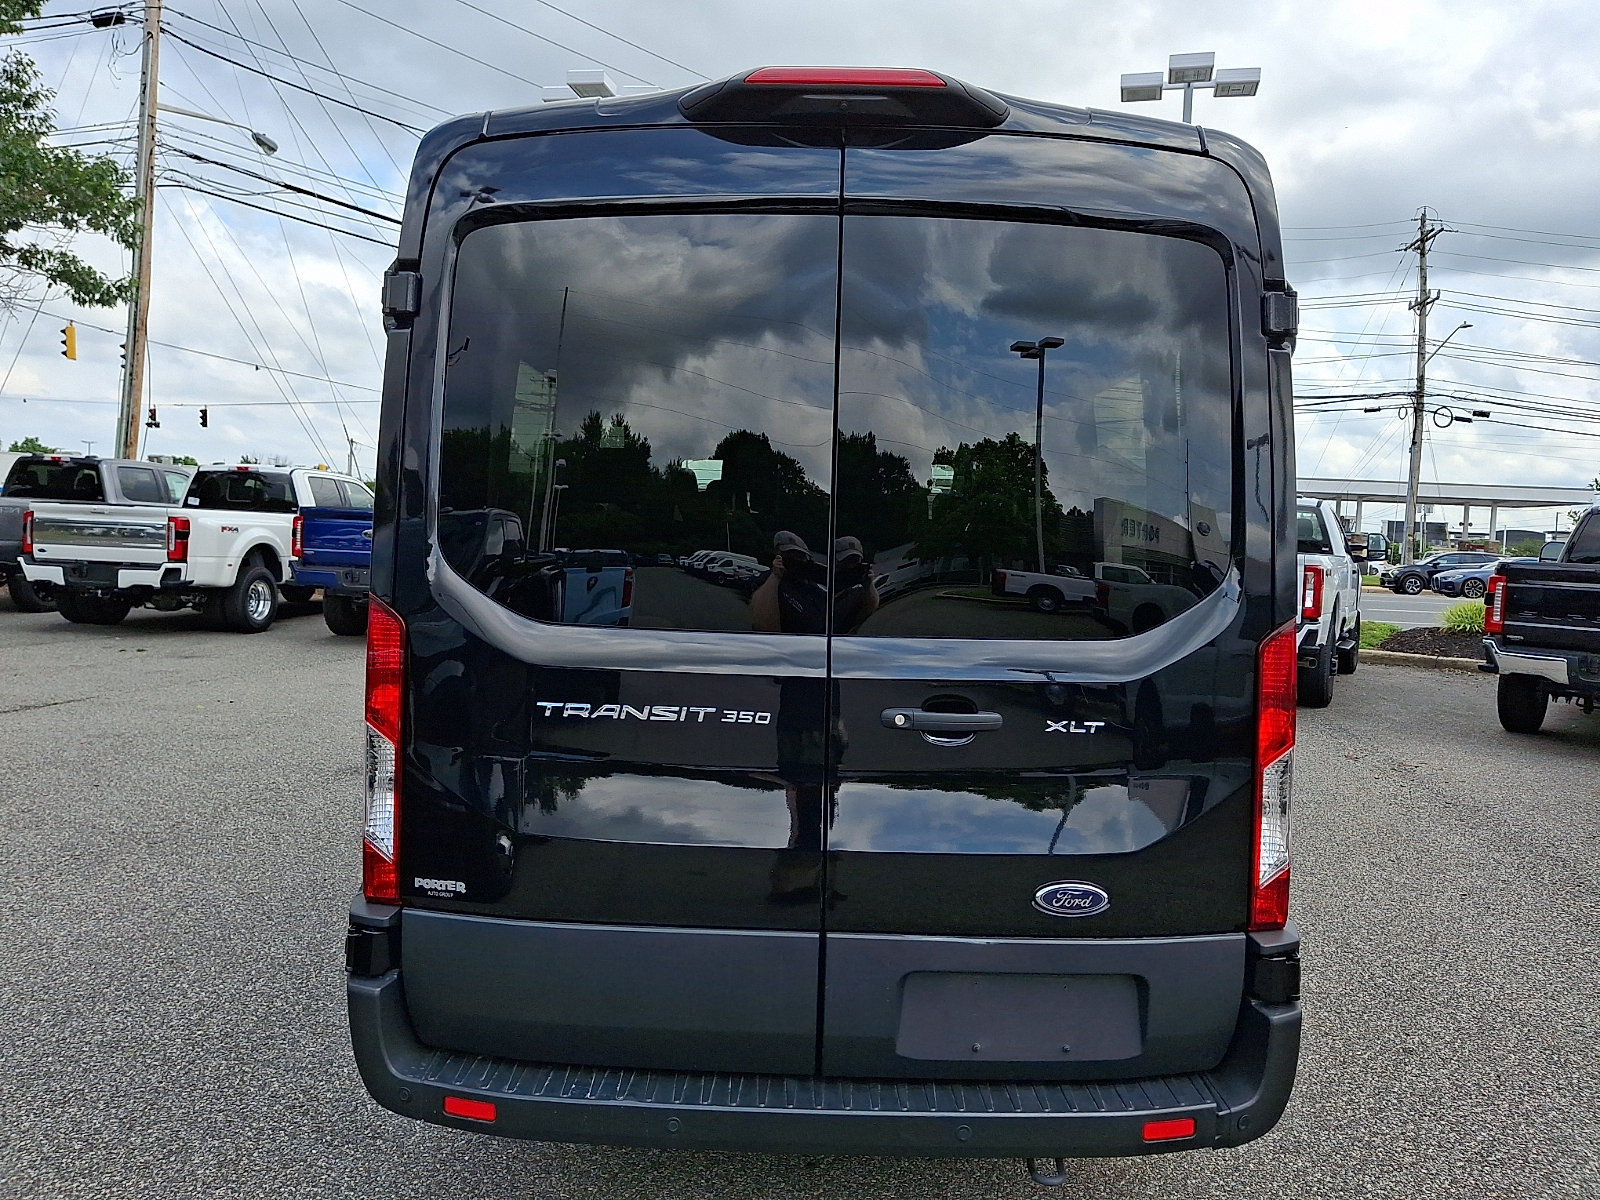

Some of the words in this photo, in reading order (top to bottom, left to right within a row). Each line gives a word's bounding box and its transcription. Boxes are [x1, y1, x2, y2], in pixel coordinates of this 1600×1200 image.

[536, 701, 717, 722] TRANSIT
[720, 710, 771, 724] 350
[1044, 720, 1105, 734] XLT
[414, 877, 467, 893] PORTER
[1052, 890, 1093, 907] Ford
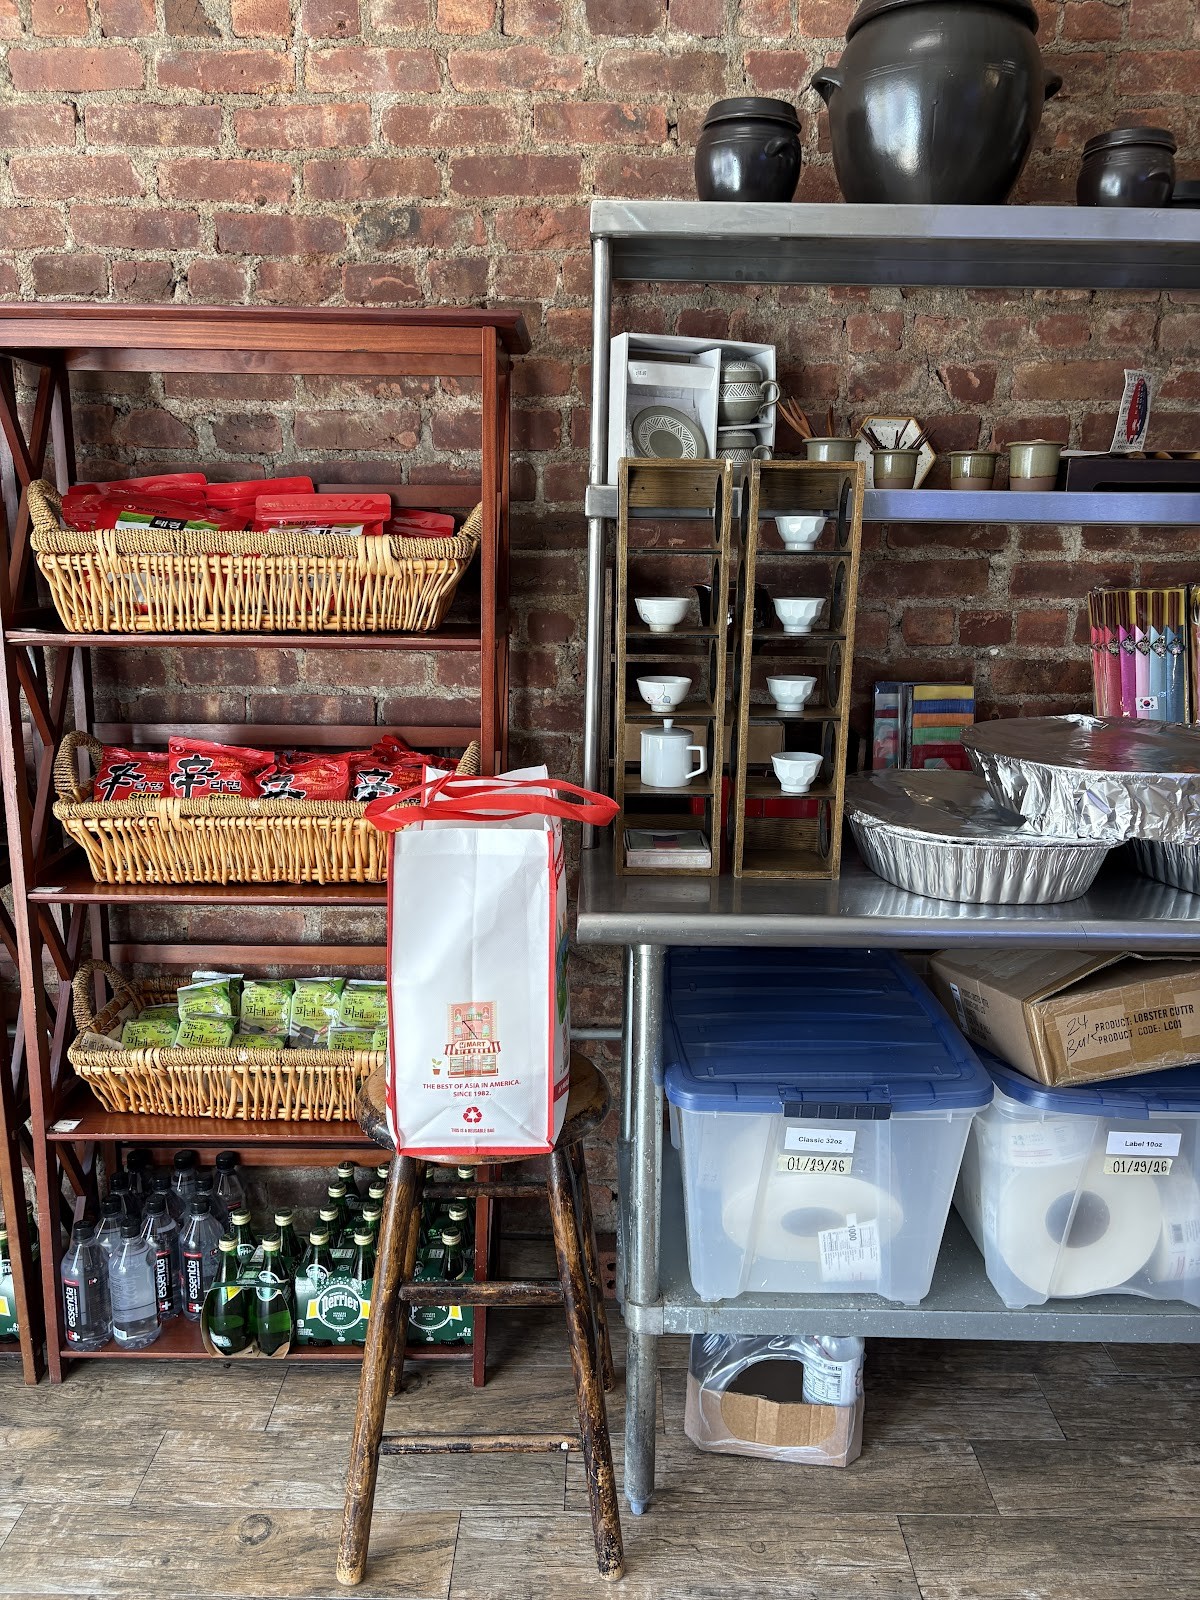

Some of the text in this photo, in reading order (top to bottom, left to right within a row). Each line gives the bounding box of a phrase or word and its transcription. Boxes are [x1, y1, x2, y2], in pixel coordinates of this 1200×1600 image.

[134, 781, 164, 792] 라면
[209, 779, 242, 792] 라면
[129, 792, 160, 800] SHIN
[1066, 1014, 1089, 1037] 24
[1095, 1004, 1195, 1032] PRODUCT: LOBSTER CUTTR
[1098, 1029, 1133, 1045] PRODUCT
[1138, 1024, 1161, 1036] CODE:
[489, 1079, 522, 1088] AMERICA.
[798, 1136, 843, 1145] Classic 32oz
[1125, 1140, 1145, 1148] Label
[787, 1156, 845, 1173] 01/29/26
[1112, 1159, 1168, 1174] 01/29/26
[847, 1225, 857, 1241] 1000
[186, 1260, 198, 1300] essentia
[65, 1286, 76, 1328] essentia

Work to complete
Return only what runs from the line containing "Some of the text" to the last line of the records above, both ends included, exactly as written.

Response to this exercise
Some of the text in this photo, in reading order (top to bottom, left to right within a row). Each line gives the bounding box of a phrase or word and its transcription. Boxes are [x1, y1, x2, y2], in pixel coordinates of this 1200×1600 image.

[134, 781, 164, 792] 라면
[209, 779, 242, 792] 라면
[129, 792, 160, 800] SHIN
[1066, 1014, 1089, 1037] 24
[1095, 1004, 1195, 1032] PRODUCT: LOBSTER CUTTR
[1098, 1029, 1133, 1045] PRODUCT
[1138, 1024, 1161, 1036] CODE:
[489, 1079, 522, 1088] AMERICA.
[798, 1136, 843, 1145] Classic 32oz
[1125, 1140, 1145, 1148] Label
[787, 1156, 845, 1173] 01/29/26
[1112, 1159, 1168, 1174] 01/29/26
[847, 1225, 857, 1241] 1000
[186, 1260, 198, 1300] essentia
[65, 1286, 76, 1328] essentia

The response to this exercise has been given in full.